In 2019, oh such an innocent time, I said that AEW was a must-see thing. I also heavily criticized it for having some WCW, as the kids say, “vibes.” It’s a feeling I’ve not entirely shaken off, but almost two years on, I have had the time to watch more. Additionally, I’ve had more conversations on it, and I’ve got a slightly different outlook on it. Now, if you are unfamiliar, All Elite Wrestling is a promotion that started in early 2019. By mid-2019 it had a major TV deal for the US network TBS/TNT and FITE TV globally, I believe. Since then, the company and the overall wrestling world have ballooned with its success, taking on the titan of “sports entertainment,” WWE.

I won’t go through the entire history of the company and what led to its creation. For the most part, the business end centers around some well-known wrestlers, a Pakistani-American billionaire, and that billionaire’s wrestling fan son/co-owner. This sounds like a recipe for disaster: We’ve all see the spoiled rich kids in movies and reality TV who get massive opportunities, offer jobs to their friends, and have no business model to create something sustainable. Of course, last year as the still current pandemic started to take hold, wrestling might not have been the most profitable business to be in. Nonetheless, (via Cultaholic) Tony Khan reports the business will be all good this year.

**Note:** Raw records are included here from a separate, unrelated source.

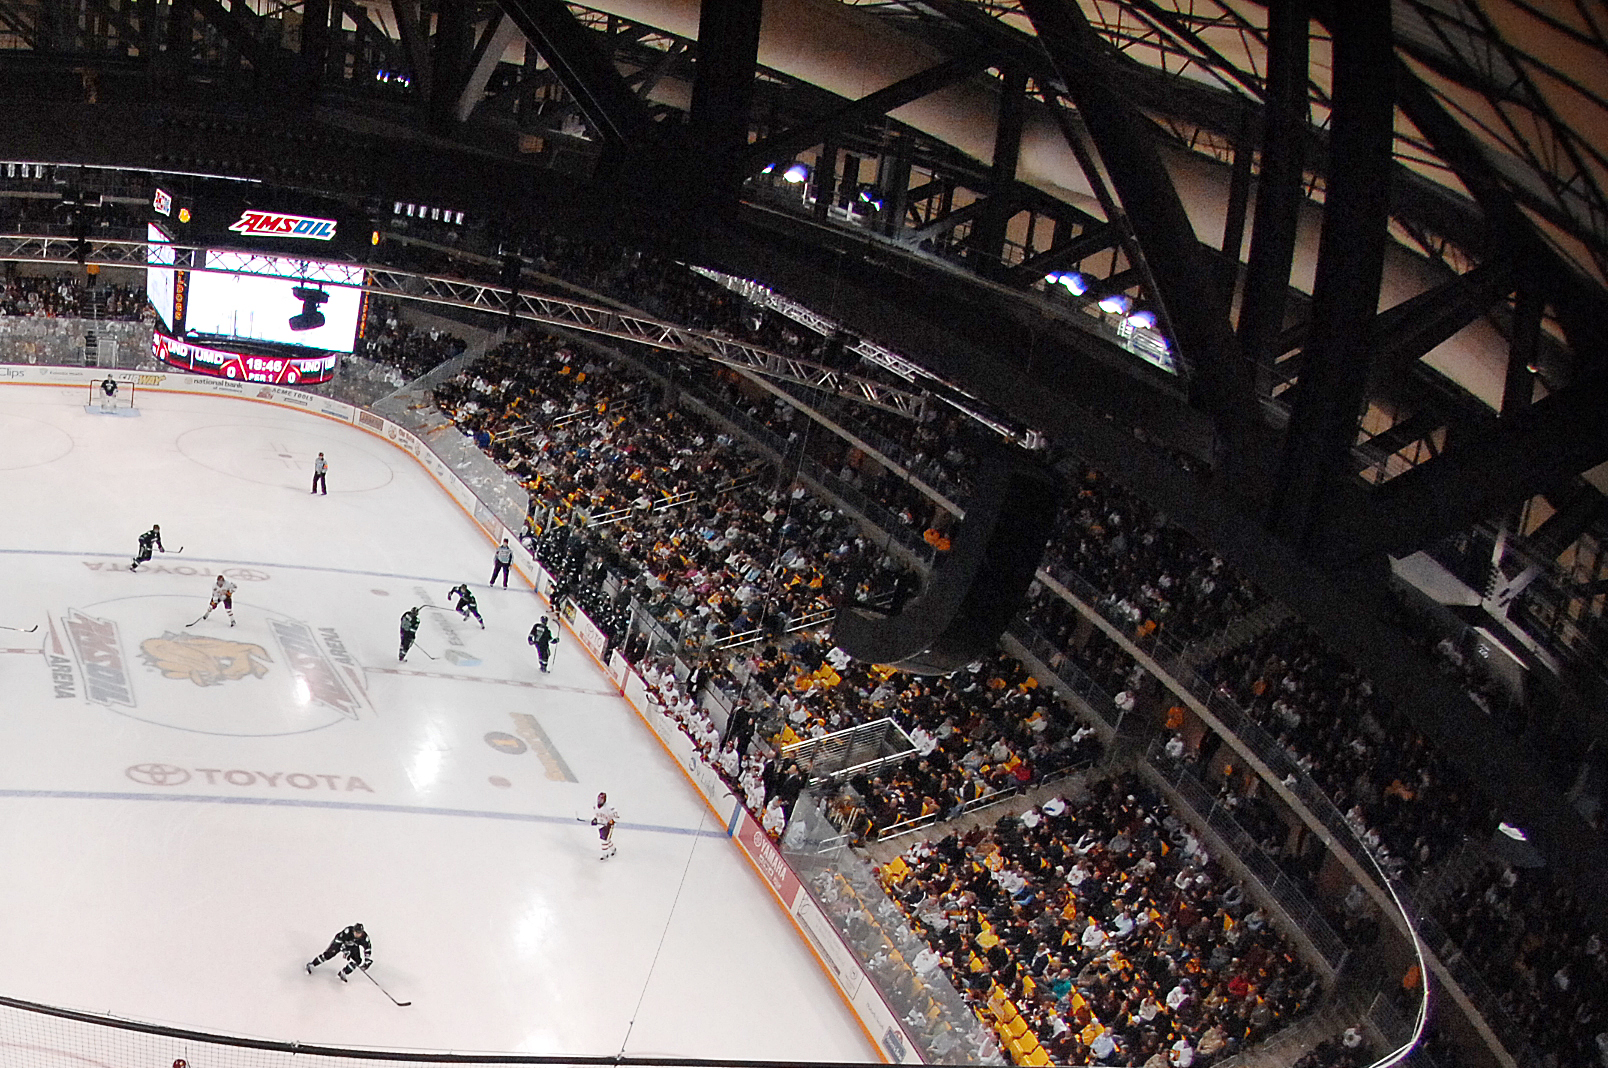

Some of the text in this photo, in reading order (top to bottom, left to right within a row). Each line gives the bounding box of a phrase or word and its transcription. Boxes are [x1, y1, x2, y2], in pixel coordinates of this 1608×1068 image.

[236, 213, 333, 237] AMSOIL
[195, 349, 224, 365] UMD
[226, 366, 236, 378] 0
[246, 358, 282, 372] 18:46
[300, 361, 321, 373] UND
[119, 374, 166, 386] SUBWAY
[193, 378, 242, 389] national bank
[248, 373, 266, 382] PER
[288, 372, 296, 383] 0
[271, 388, 314, 402] ACME TOOLS
[318, 627, 354, 666] ARENA
[67, 612, 131, 703] AMSOIL
[50, 654, 76, 699] ARENA
[195, 768, 375, 793] TOYOTA
[760, 837, 788, 881] YAMAHA

With all that said, my point today is to (of sorts) refine my previous point about WCW and AEW. As soon as you tell anyone that’s even remotely heard of wrestling in the last 25-years about a company and compare it with WCW, the jump to conclusion is 2001’s buy-out of the Turner-Broadcasting owned company and the 2-3 years that led to that point. In some ways, I have and will maintain there is a touch of that sentiment in my statement. Any company that snaps up near enough every released talent from another while vying for the TV ratings domination, I’m going to draw that comparison. I know I’m tough, but it is fair.

All the same, I’ve also had two years of watching Dynamite, a few weeks of seeing Rampage, and catching clips from Dark and Dark: Elevation here and there alongside the PPVs over that time. In that time, I’ve also had conversations with the likes of David, I’ve listened to other opinions, and I’ve slightly changed that view. Mostly, as a result of some arguing that WCW is not AEW despite all its faults along with everything to do with Vince Russo, the existence of Hulk Hogan, and every horrible little bit that was the 90s. I know I’ve already started the anger in people who’ll repost this to Reddit or wherever, maybe even the comment section, saying that I hate AEW. I don’t, I prefer it.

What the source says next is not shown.